To do fix our windows drive we need, 1. A USB drive with a windows 10 iso installed on it, open cmd 2. Use diskpart in cmd to make space. 3. Use diskpart to create a partition and format it into fat32. 4. Use bcdboot within that same cmd to create the boot files. 5. Done!
Boot with windows 10 USB / DVD etc. press shift+F10 on first screen. This will come up with command prompt.
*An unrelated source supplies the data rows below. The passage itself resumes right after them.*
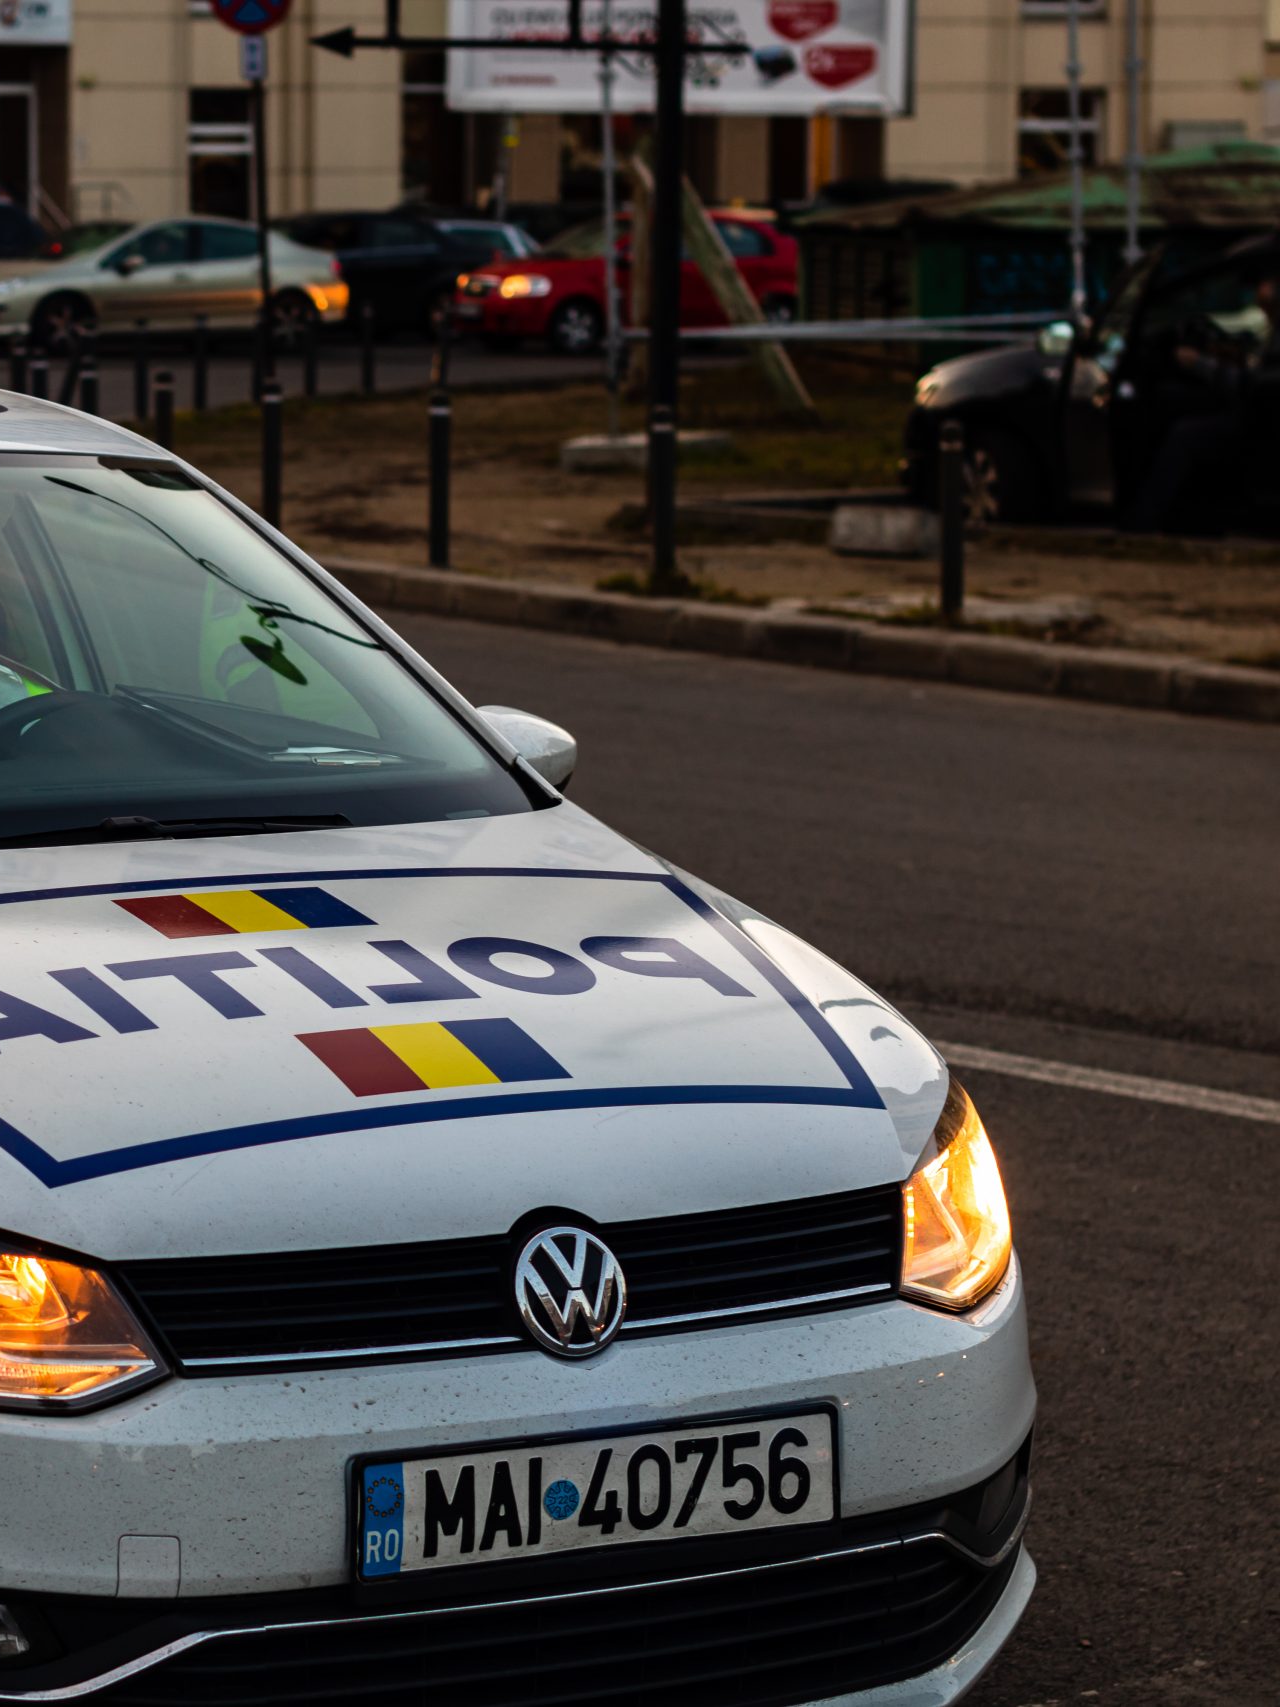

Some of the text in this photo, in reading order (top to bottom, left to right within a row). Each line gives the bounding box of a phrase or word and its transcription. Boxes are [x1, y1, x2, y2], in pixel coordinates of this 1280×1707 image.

[423, 1427, 811, 1558] MAI 40756
[365, 1529, 400, 1564] RO
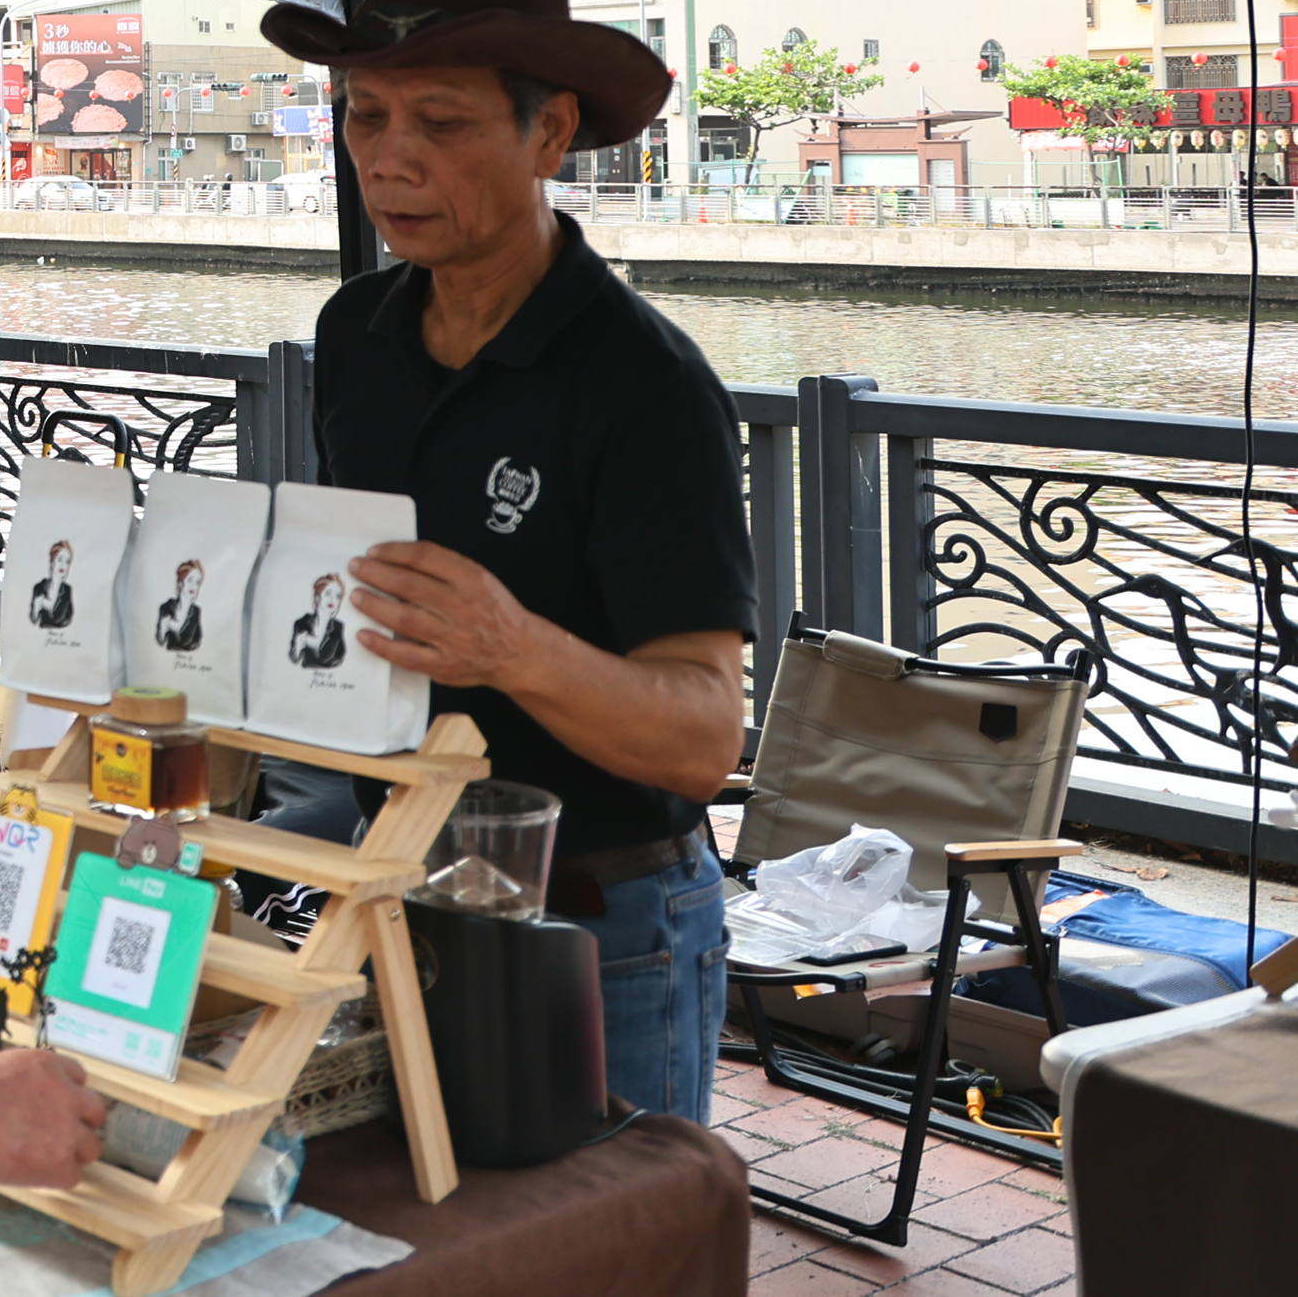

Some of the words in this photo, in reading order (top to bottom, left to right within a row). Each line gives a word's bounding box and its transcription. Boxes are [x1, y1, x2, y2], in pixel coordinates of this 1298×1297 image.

[43, 23, 70, 39] 3秒
[42, 39, 113, 54] 擄獲你的心
[502, 466, 532, 485] TAIWAN
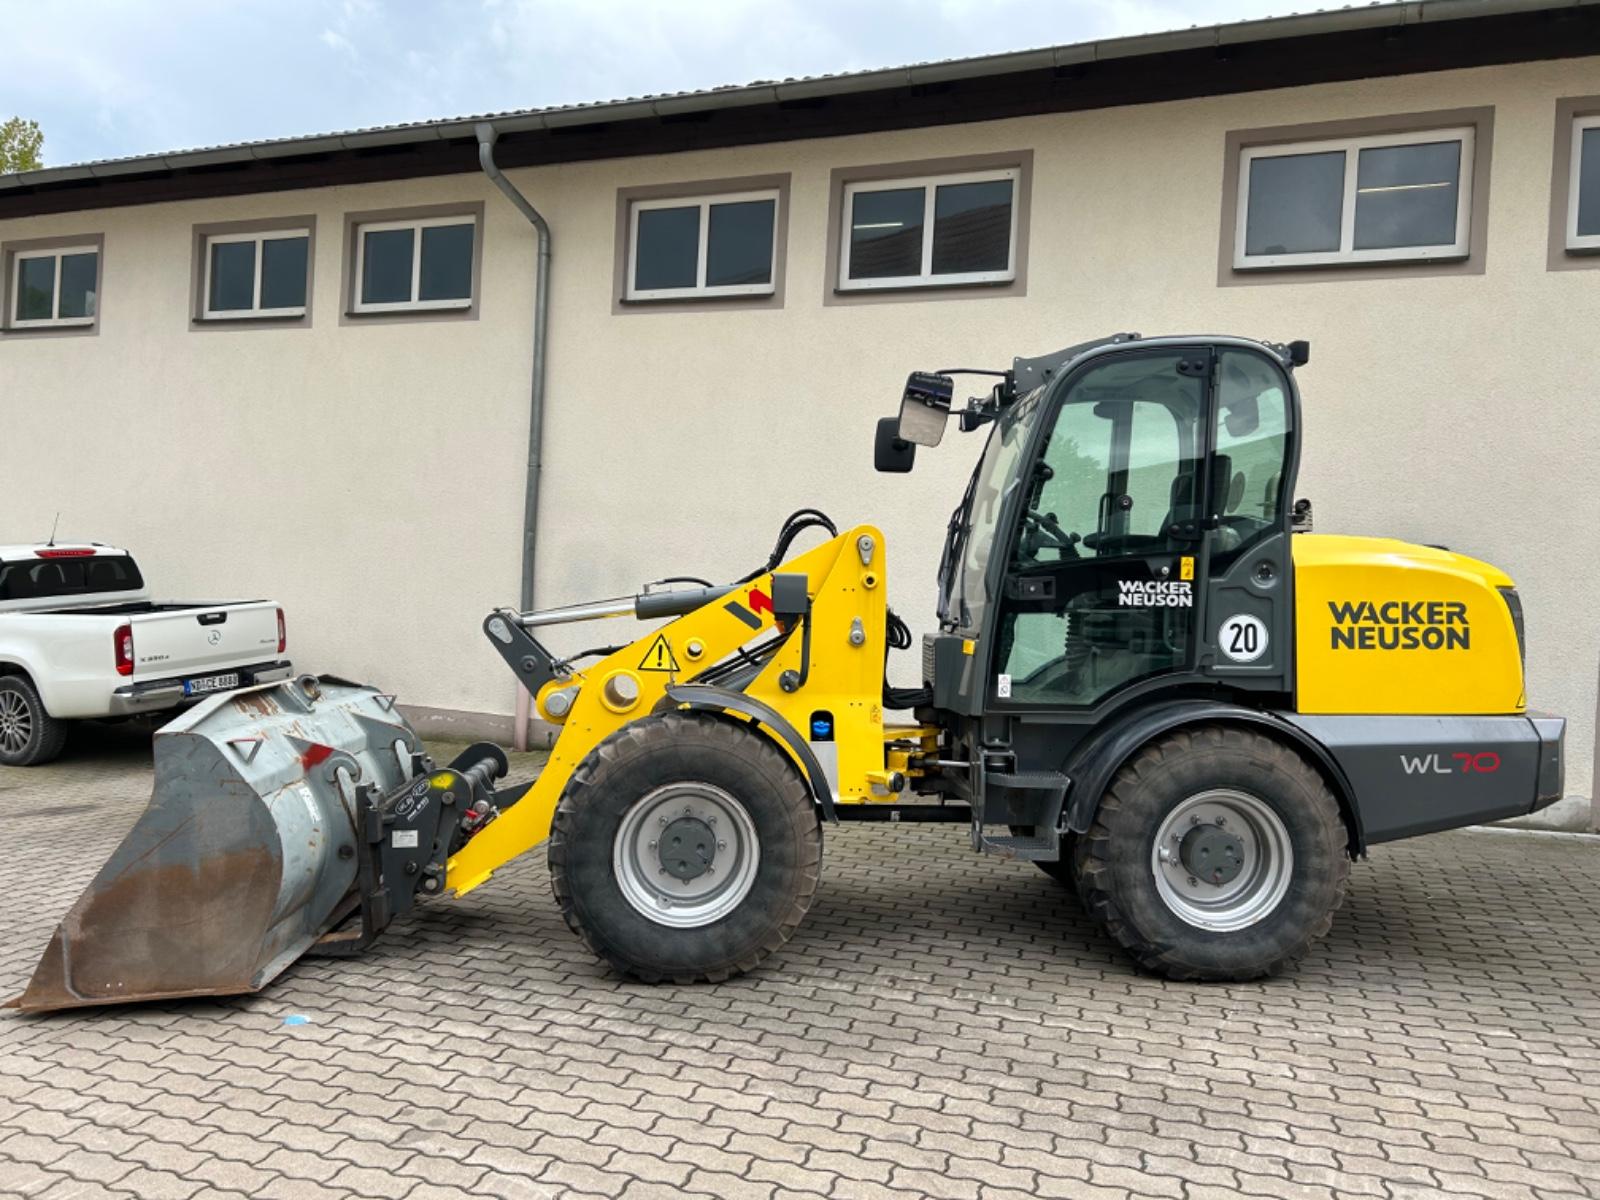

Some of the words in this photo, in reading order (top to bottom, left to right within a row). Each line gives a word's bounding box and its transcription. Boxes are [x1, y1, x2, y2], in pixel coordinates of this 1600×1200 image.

[1118, 580, 1193, 595] WACKER
[1118, 593, 1193, 607] NEUSON
[1328, 601, 1470, 625] WACKER
[1229, 623, 1258, 653] 20
[1330, 626, 1470, 650] NEUSON
[1399, 751, 1502, 775] WL70
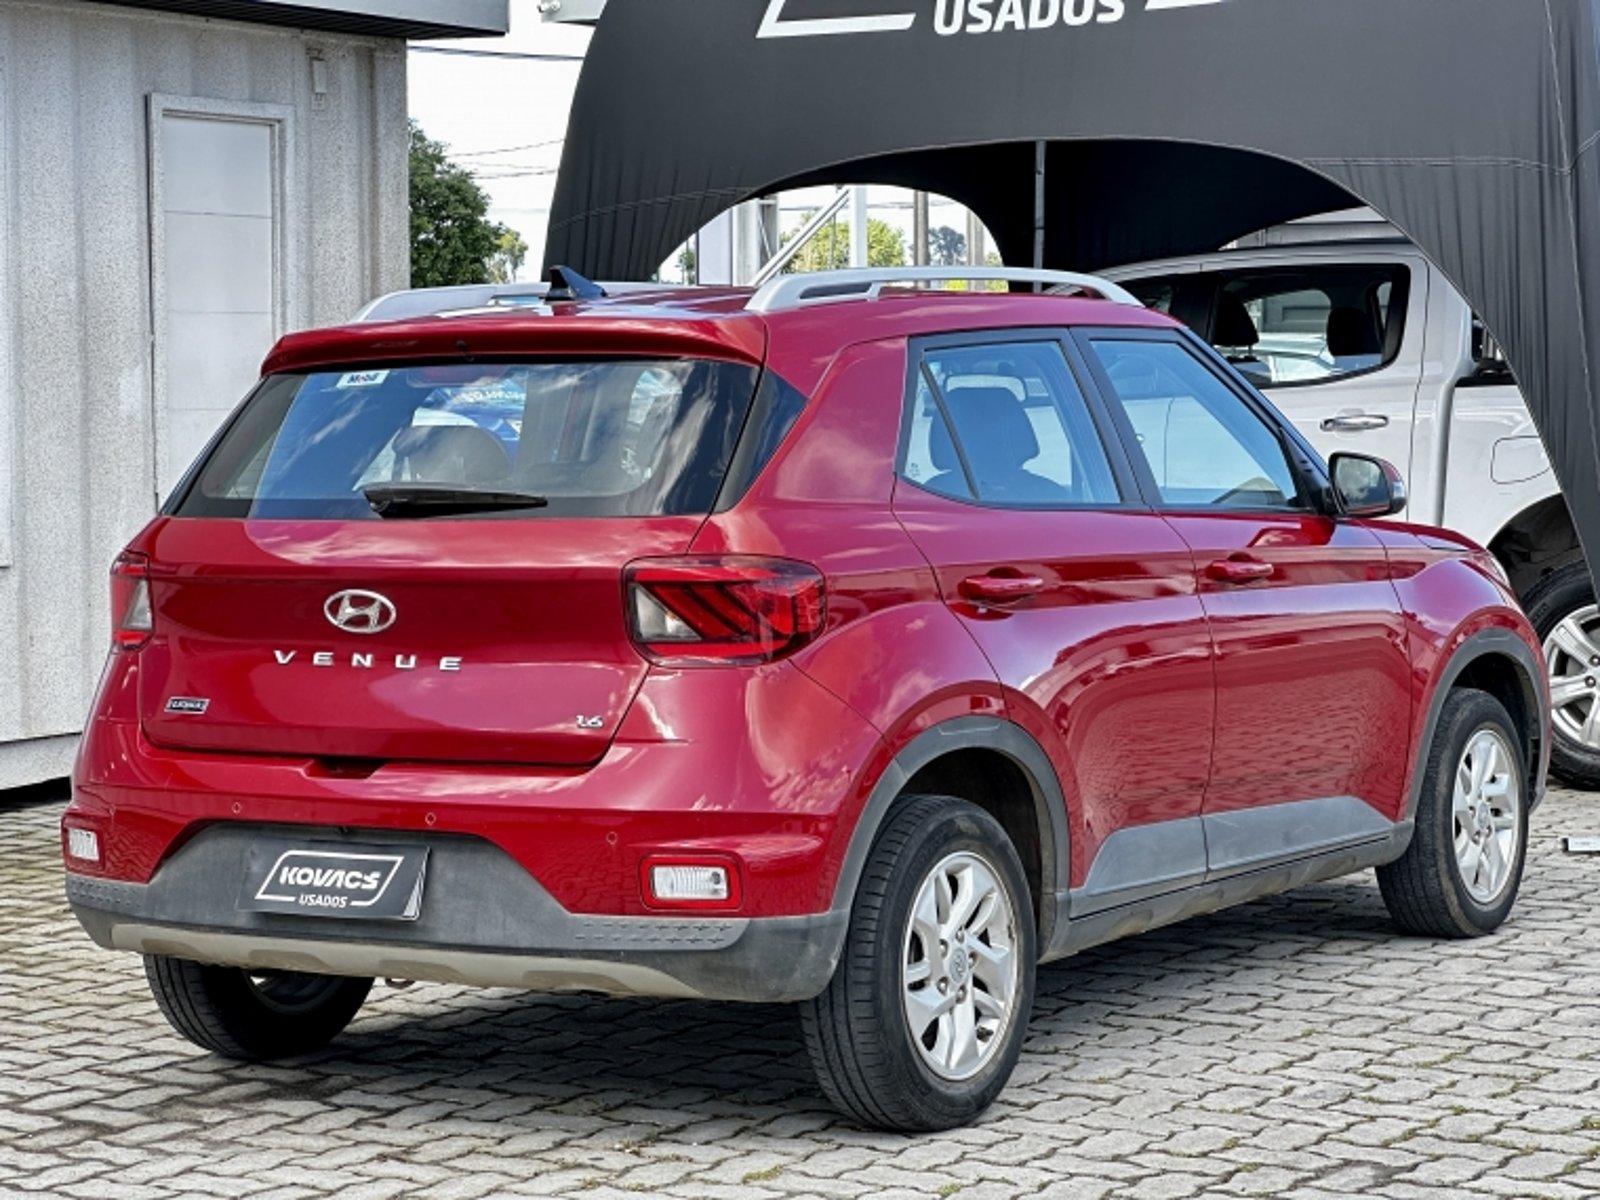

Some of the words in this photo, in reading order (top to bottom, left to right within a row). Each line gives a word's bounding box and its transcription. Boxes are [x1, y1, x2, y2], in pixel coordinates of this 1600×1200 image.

[934, 0, 1125, 36] USADOS
[273, 650, 463, 671] VENUE
[279, 866, 382, 890] KOVACS
[298, 893, 348, 908] USADOS
At command prompt run these commands.
& 3. Using diskpart to make space, create a partition
diskpart
list disk
select disk # (#, replace with 0, 1, 2 etc. put the # of the drive you are trying to fix, I recommend disconnecting other drives first)
list partition (There might be 1,2,3 etc listed. In my case there was only partition 1 and no unallocated space.)
select partition # (In my case partition 1, which ever partition is the primary with the largest amount of space)
shrink desired=500 (Making 500mb of space on the partition)
create partition efi (Making the new boot partition)
format quick fs=fat32 (Reformatting to the new partition to fat32)
list volume (write down your windows volume listed under Ltr. This is the drive that the windows is installed to that we are trying to fix, in my case C. If no letter is present that means it is unmounted, but it should be if you did the stuff above)
exit (exit from diskpart)
bcdboot X:\windows (In this case my drive letter was C before, replace X for whatever drive letter was shown in list volume)
exit (Closes cmd)
retracgib@reddit
I also have this problem... I don't want to lose everything on the OS drive...
BodybuilderOk2451@reddit
Did you already fix your issue? Can't you just repair Windows boot on the correct drive after booting from installation media. I've got the same issue, I'll try it soon.
retracgib@reddit
I wasn't able to get windows repair to work but YMMV.
I actually was able to follow some instructions from none other than ChatGPT to manually re-create my boot partition on an extra HDD I had sitting around. So, the HDD has the boot record and points to my actual OS drive. It's janky as hell, but I only needed access to the old OS temporarily, so it was fine by me.